= William Hillman =

British businessman (1848–1921)

William Hillman (13 November 1848 – 4 February 1921) was a British bicycle and automobile manufacturer. In partnership with Louis Coatalen he founded the Hillman-Coatalen Company in 1907, later the Hillman Motor Company after Coatalen's defection to Sunbeam in 1909.

==Early life==
Hillman was born on 13 November 1848 in Stratford, Essex (other sources say 30 December 1847 in Lewisham, Kent), where his father, also called William, was a shoemaker; his mother was Sarah Stitchbury. He became an apprentice in the engineering works of John Penn & Co. at Greenwich together with his friend James Starley, who became known as "the father of the cycle industry". Hillman and Starley moved to the expanding industrial area of the English Midlands, where they were employed by the Coventry Sewing Machine Company. Sales of sewing machines had declined, and to compensate the company had become the first British manufacturers of bicycles, using designs based on French "boneshakers". The Franco-Prussian War of 1870 halted bicycle manufacture in France and led to a boom in British production. Hillman set up his own bicycle manufacturing company in 1875, Auto Machinery, in partnership with W. H. Herbert, who provided the capital.

==Family life==
In 1873 Hillman married Fanny Moreton Brockas, the daughter of a farmer, Henry Brockas. They had five daughters, three of whom married people with connections in the British car industry.
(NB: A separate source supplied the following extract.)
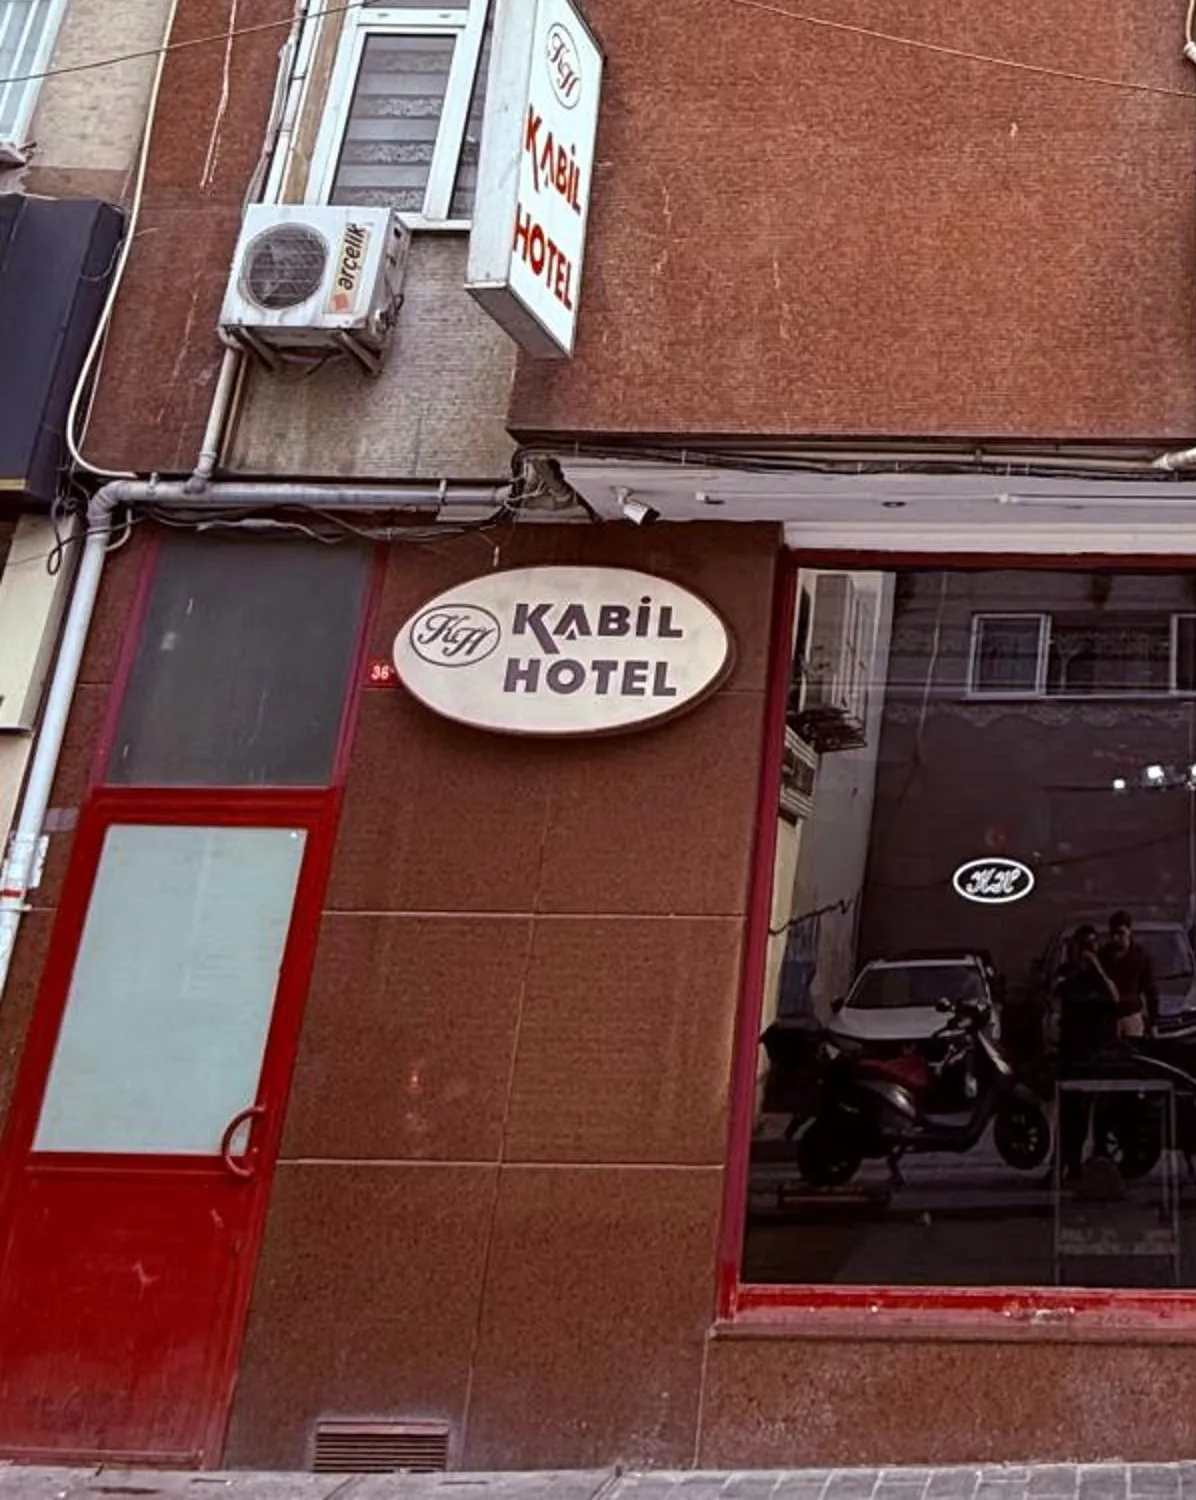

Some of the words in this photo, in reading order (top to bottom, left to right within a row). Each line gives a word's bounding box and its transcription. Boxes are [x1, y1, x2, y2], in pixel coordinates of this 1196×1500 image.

[525, 103, 581, 216] KABİL
[513, 202, 573, 312] HOTEL
[512, 596, 683, 654] KABİL
[503, 658, 677, 697] HOTEL
- Mary Beatrice Hillman was born in 1881 and was a violinist.
- Evelyn Hillman 1883-1996 married Percy Rowland Hill a watchmaker.
- Dorothy Annie Hillman 1885-1975 married Thomas Sidney Dick, the uncle of Alick Dick of the Standard Motor Company
- Margaret Verena Hillman 1887-1965 married John Black who went on to be chairman of Standard-Triumph.
- Edith Kathleen Hillman 1891-1972 married Spencer Wilks of the Rover Car Company.

William Hillman died at his home, Keresley Hall, Coventry, on 4 February 1921 and he is buried in Keresley Churchyard.

==Career==
As well as bicycles Hillman's company made roller-skates, sewing machines, and ball and roller bearings, of which it pioneered the mass production; Hillman was soon operating four factories in Coventry, and by 1896 a fifth in Nuremberg, Germany.

In around 1896 the bicycle building interests were separated from the rest of the company and employed 600 people building 33.000 cycles a year.

In 1905 he decided to move into motor vehicle manufacture and in 1907 with Louis Coatalen from Humber founded the Hillman-Coatalen Company.

His success made him a millionaire, and allowed him to move to Abingdon House, an "impressive home" in Stoke Aldermoor, now a suburb of Coventry.